Required action:
Skip the pictures and repeat each line of the data exactly.

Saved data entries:
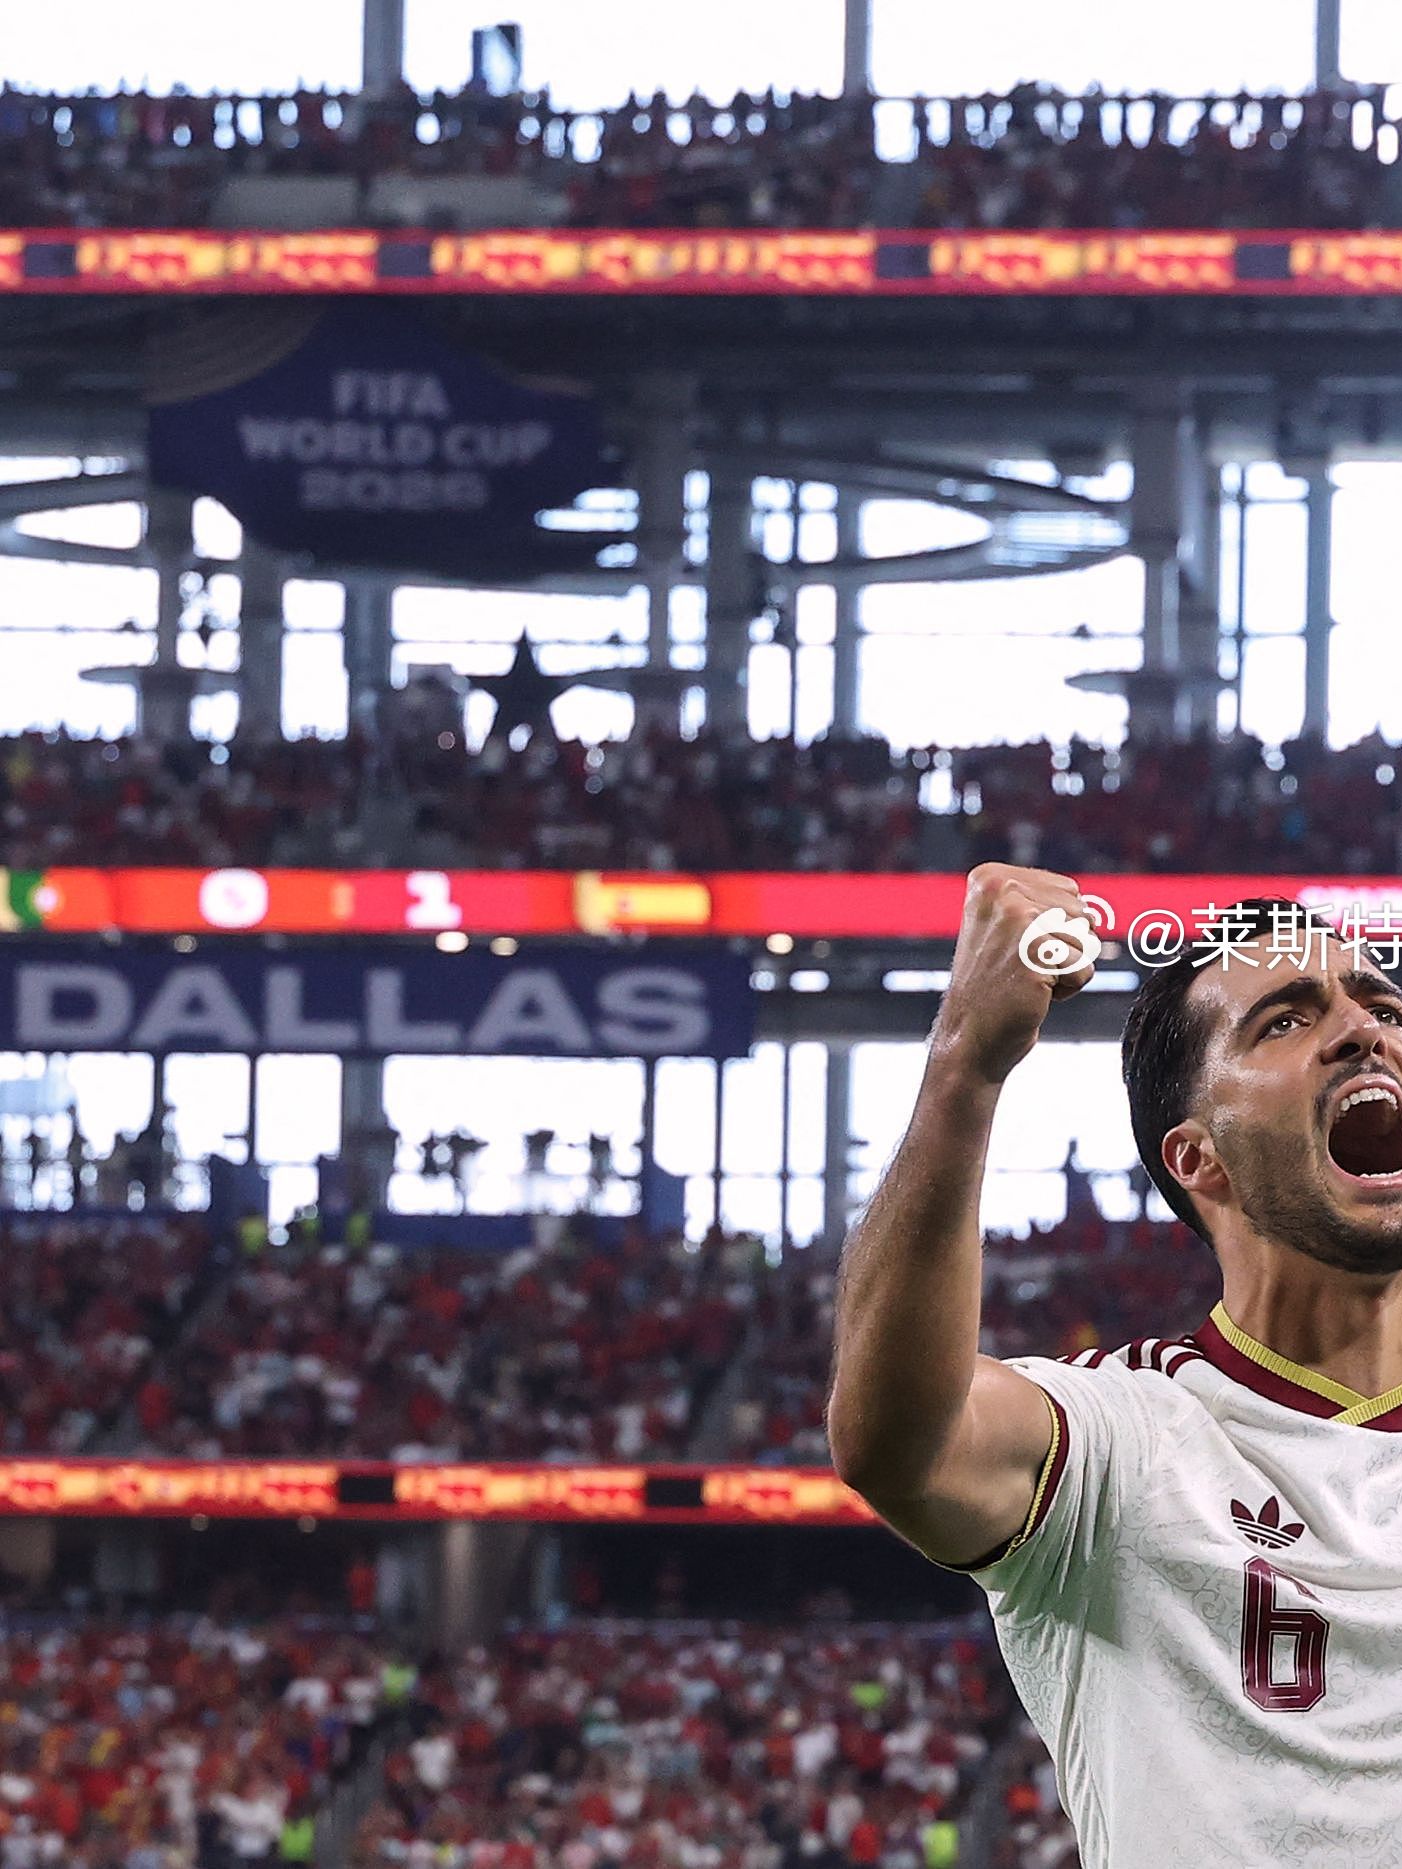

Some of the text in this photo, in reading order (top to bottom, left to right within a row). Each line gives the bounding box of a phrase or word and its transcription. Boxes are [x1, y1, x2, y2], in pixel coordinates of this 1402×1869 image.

[333, 371, 447, 418] FIFA
[240, 417, 551, 468] WORLD CUP
[406, 869, 461, 930] 1
[13, 963, 712, 1053] DALLAS
[1241, 1555, 1329, 1713] 6
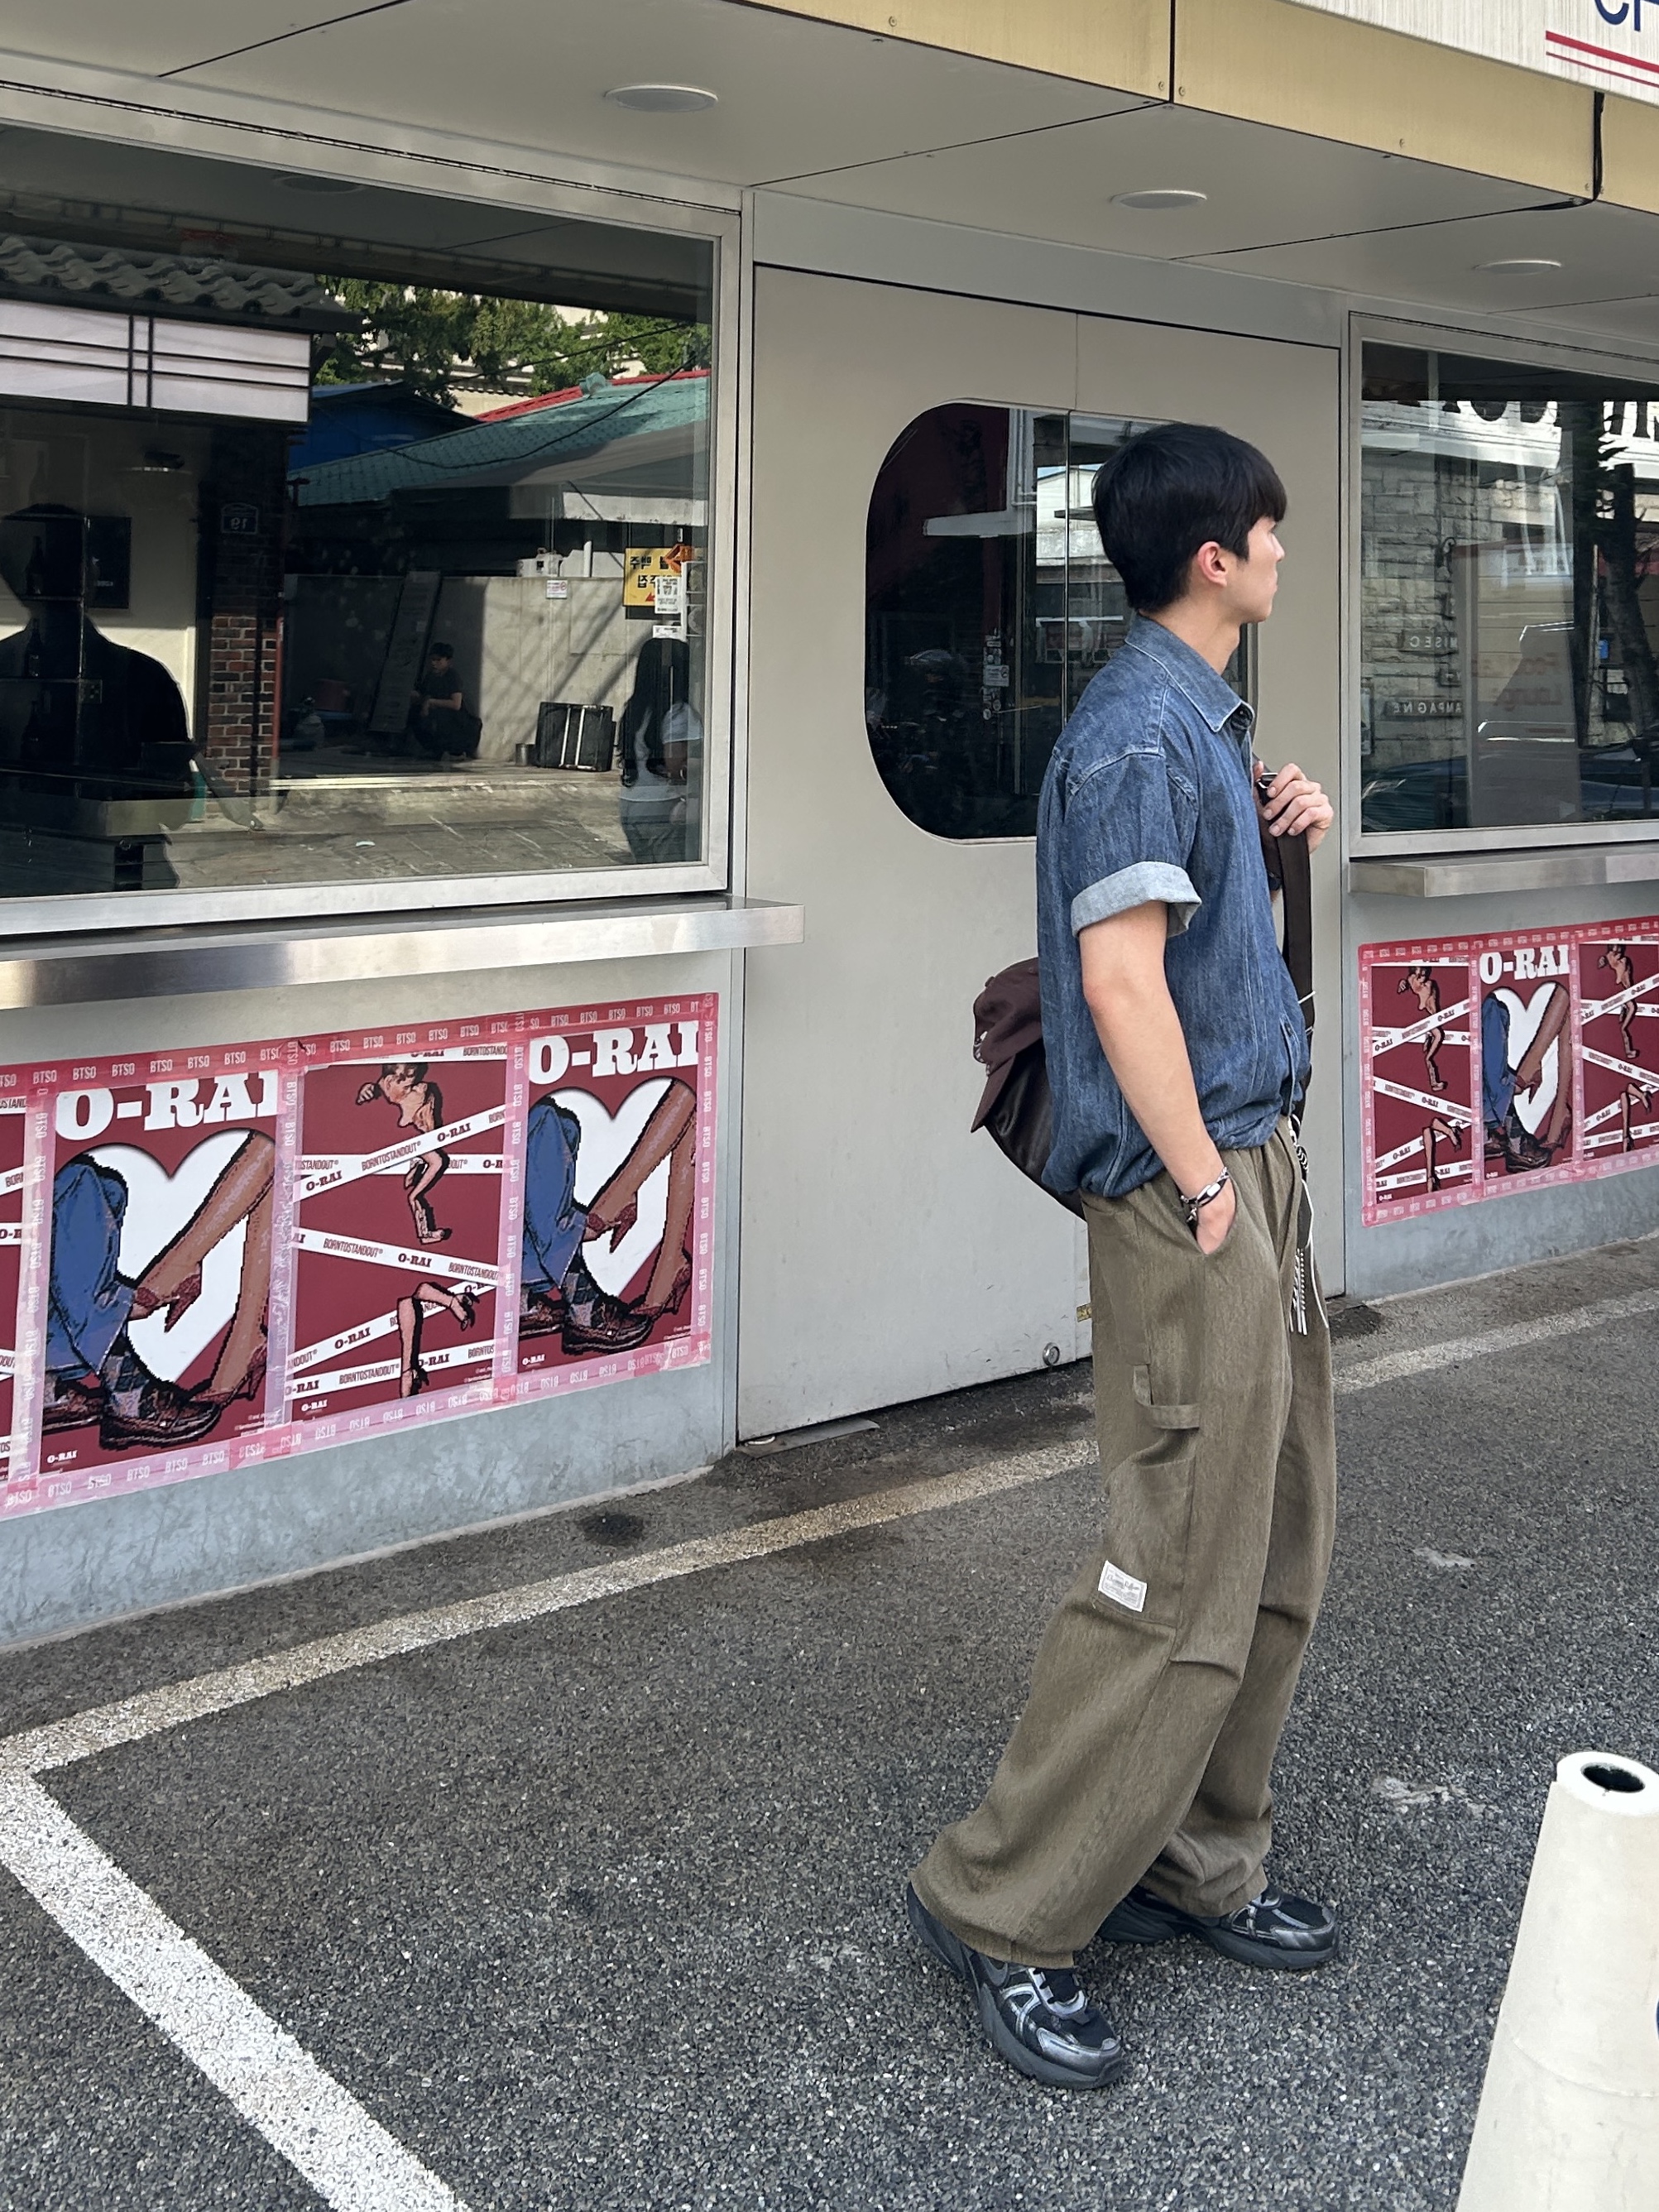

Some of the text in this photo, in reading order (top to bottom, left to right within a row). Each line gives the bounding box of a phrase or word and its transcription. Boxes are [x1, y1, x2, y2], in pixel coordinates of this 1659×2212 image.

[1479, 944, 1570, 984] O-RAI
[529, 1020, 699, 1085] O-RAI
[55, 1068, 279, 1140] O-RAI
[306, 1170, 343, 1191] O-RAI
[437, 1123, 471, 1142] O-RAI
[398, 1253, 432, 1268] O-RAI
[334, 1327, 371, 1349] O-RAI
[301, 1399, 328, 1412] O-RAI
[47, 1450, 78, 1464] O-RAI
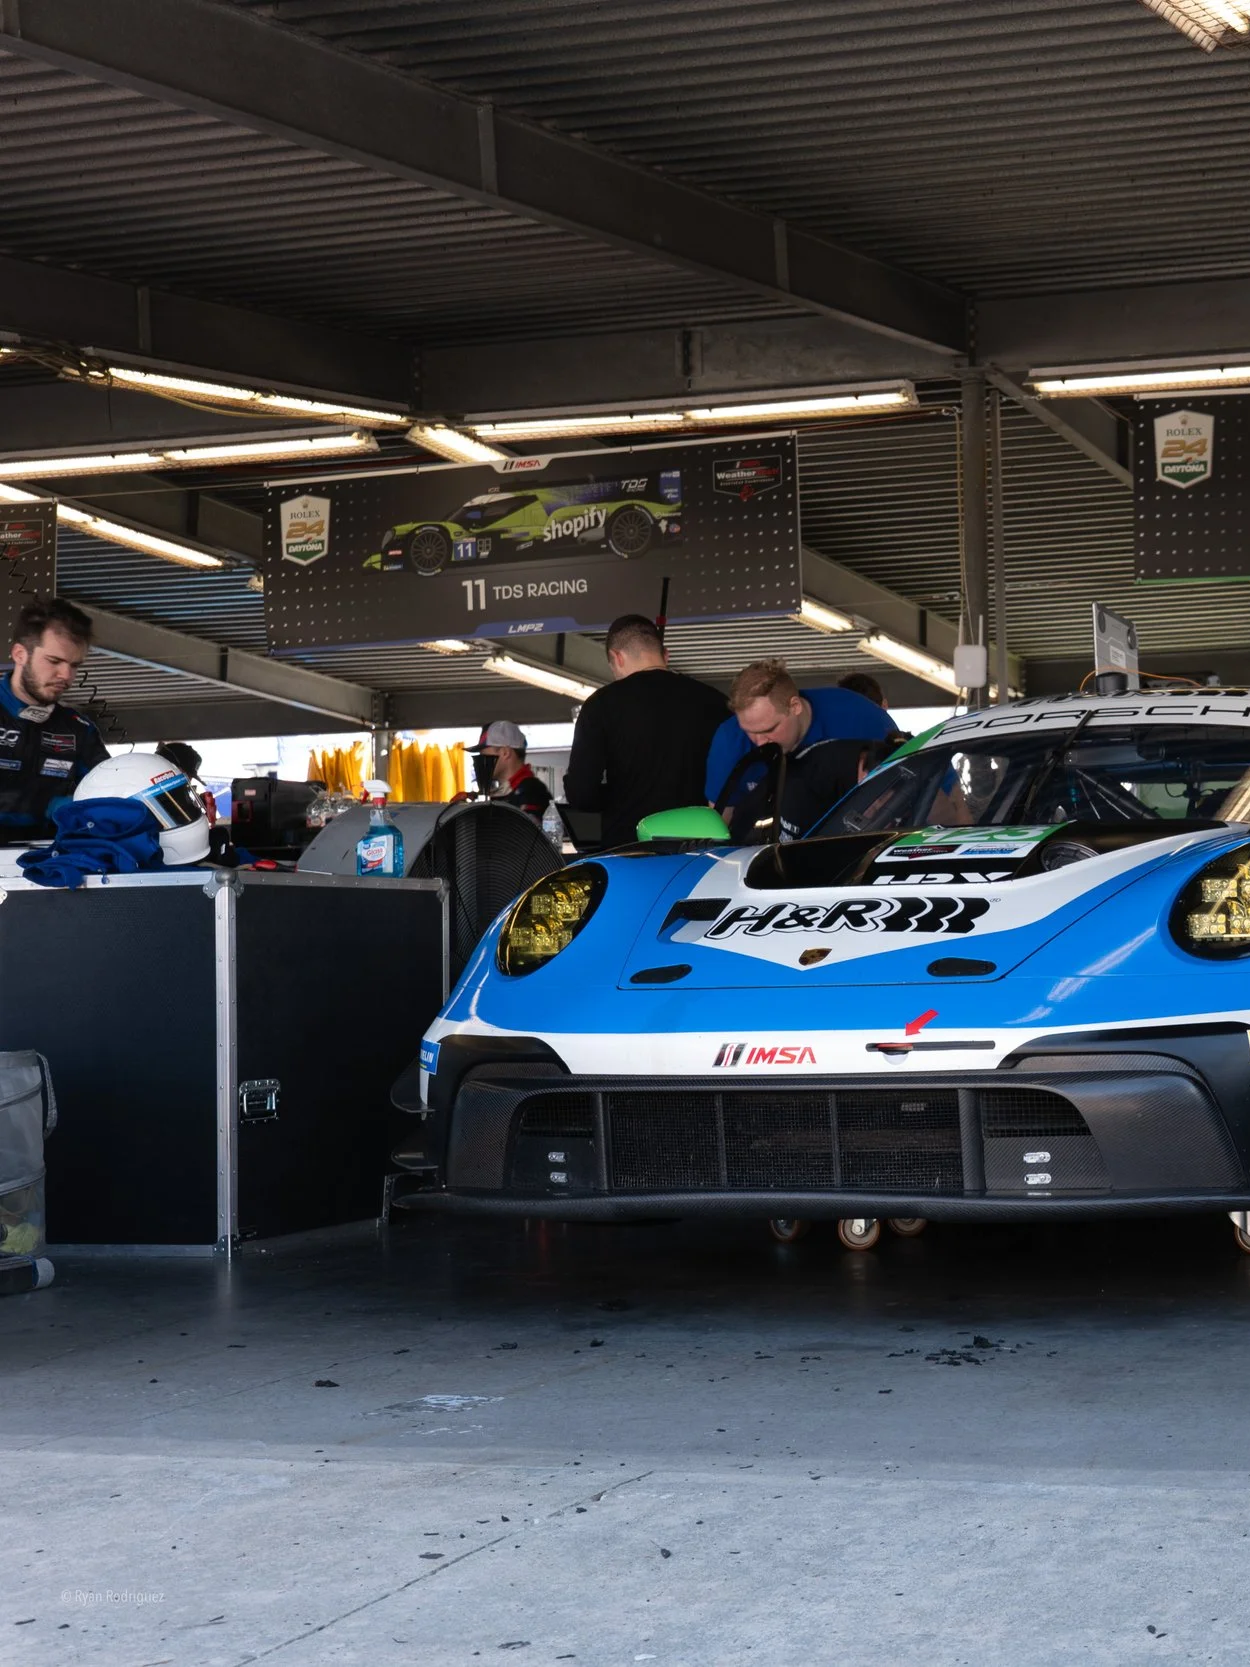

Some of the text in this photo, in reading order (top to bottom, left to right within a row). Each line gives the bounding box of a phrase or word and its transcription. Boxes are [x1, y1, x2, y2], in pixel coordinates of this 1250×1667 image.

Reply:
Some of the text in this photo, in reading order (top to bottom, left to right within a row). Each line gives the bounding box of a phrase or word and its transcription. Boxes are [x1, y1, x2, y2], in pixel coordinates of this 1402×1869 image.

[333, 371, 447, 418] FIFA
[240, 417, 551, 468] WORLD CUP
[406, 869, 461, 930] 1
[13, 963, 712, 1053] DALLAS
[1241, 1555, 1329, 1713] 6

Some of the text in this photo, in reading order (top to bottom, left to right within a row). Each line gives the bounding box of a phrase or word and its transcription. Boxes are [x1, y1, x2, y2], in pixel coordinates of this 1659×2212 image.

[1479, 944, 1570, 984] O-RAI
[529, 1020, 699, 1085] O-RAI
[55, 1068, 279, 1140] O-RAI
[306, 1170, 343, 1191] O-RAI
[437, 1123, 471, 1142] O-RAI
[398, 1253, 432, 1268] O-RAI
[334, 1327, 371, 1349] O-RAI
[301, 1399, 328, 1412] O-RAI
[47, 1450, 78, 1464] O-RAI

Some of the text in this photo, in reading order (top to bottom, left to right within a row). Each line gives the bounding box of a phrase or word and its transcription. Boxes are [x1, y1, x2, y2], in pixel coordinates of this 1250×1667 image.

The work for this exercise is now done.